Extracted records:
=== Begin Enclosure ===
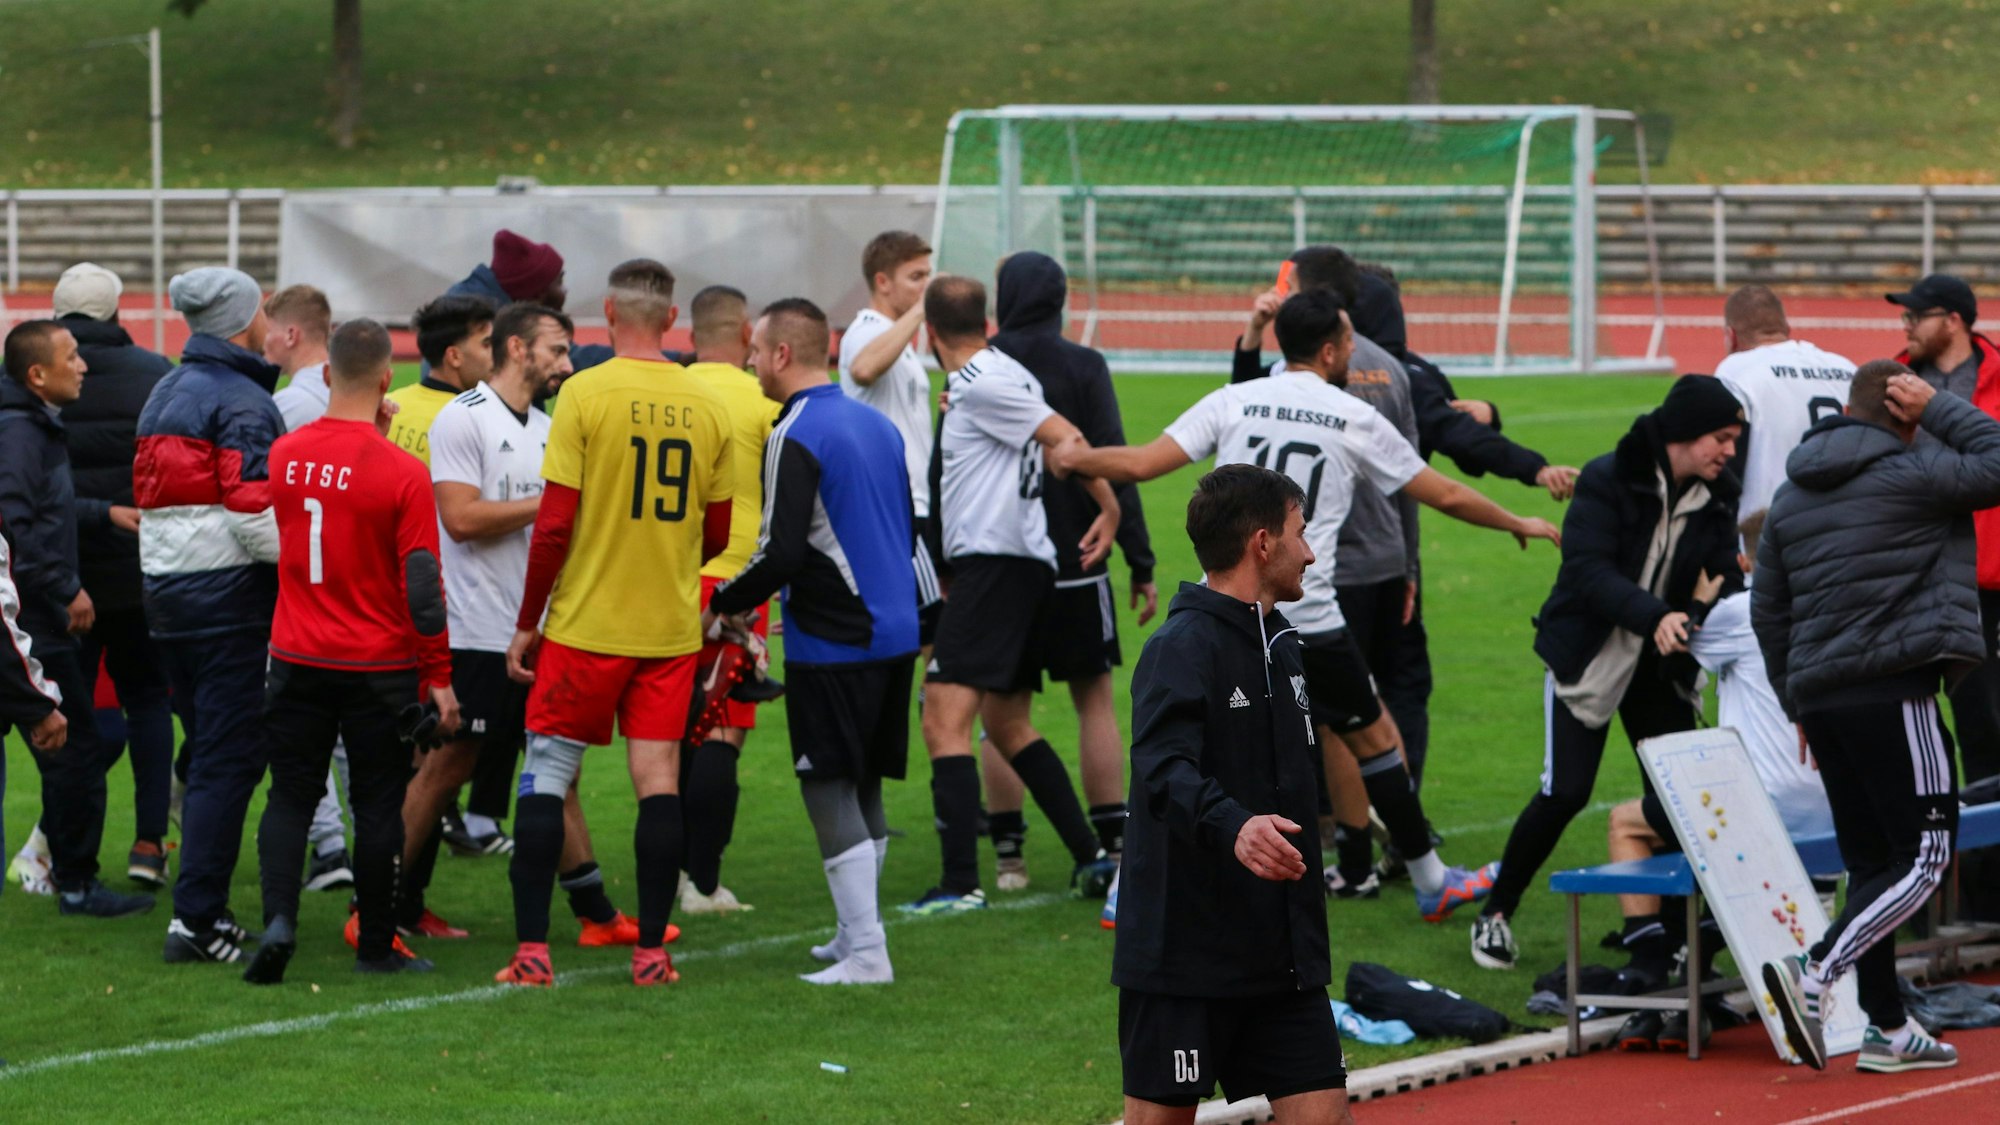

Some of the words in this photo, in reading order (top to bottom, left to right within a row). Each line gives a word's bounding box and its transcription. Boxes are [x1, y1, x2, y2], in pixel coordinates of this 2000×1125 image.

[631, 401, 692, 430] ETSC
[1243, 405, 1271, 418] VFB
[1276, 406, 1348, 432] BLESSEM
[394, 425, 429, 453] TSC
[285, 460, 352, 491] ETSC
[631, 436, 693, 523] 19
[303, 497, 324, 585] 1
[1173, 1049, 1200, 1083] DJ
=== End Enclosure ===
**WHAT IS BEING ASKED**
Retype the records exactly. Any image in them should not appear in what you write.

**RESULT FOR THIS TASK**
Some of the words in this photo, in reading order (top to bottom, left to right within a row). Each line gives a word's bounding box and its transcription. Boxes are [x1, y1, x2, y2], in pixel coordinates of this 2000×1125 image.

[631, 401, 692, 430] ETSC
[1243, 405, 1271, 418] VFB
[1276, 406, 1348, 432] BLESSEM
[394, 425, 429, 453] TSC
[285, 460, 352, 491] ETSC
[631, 436, 693, 523] 19
[303, 497, 324, 585] 1
[1173, 1049, 1200, 1083] DJ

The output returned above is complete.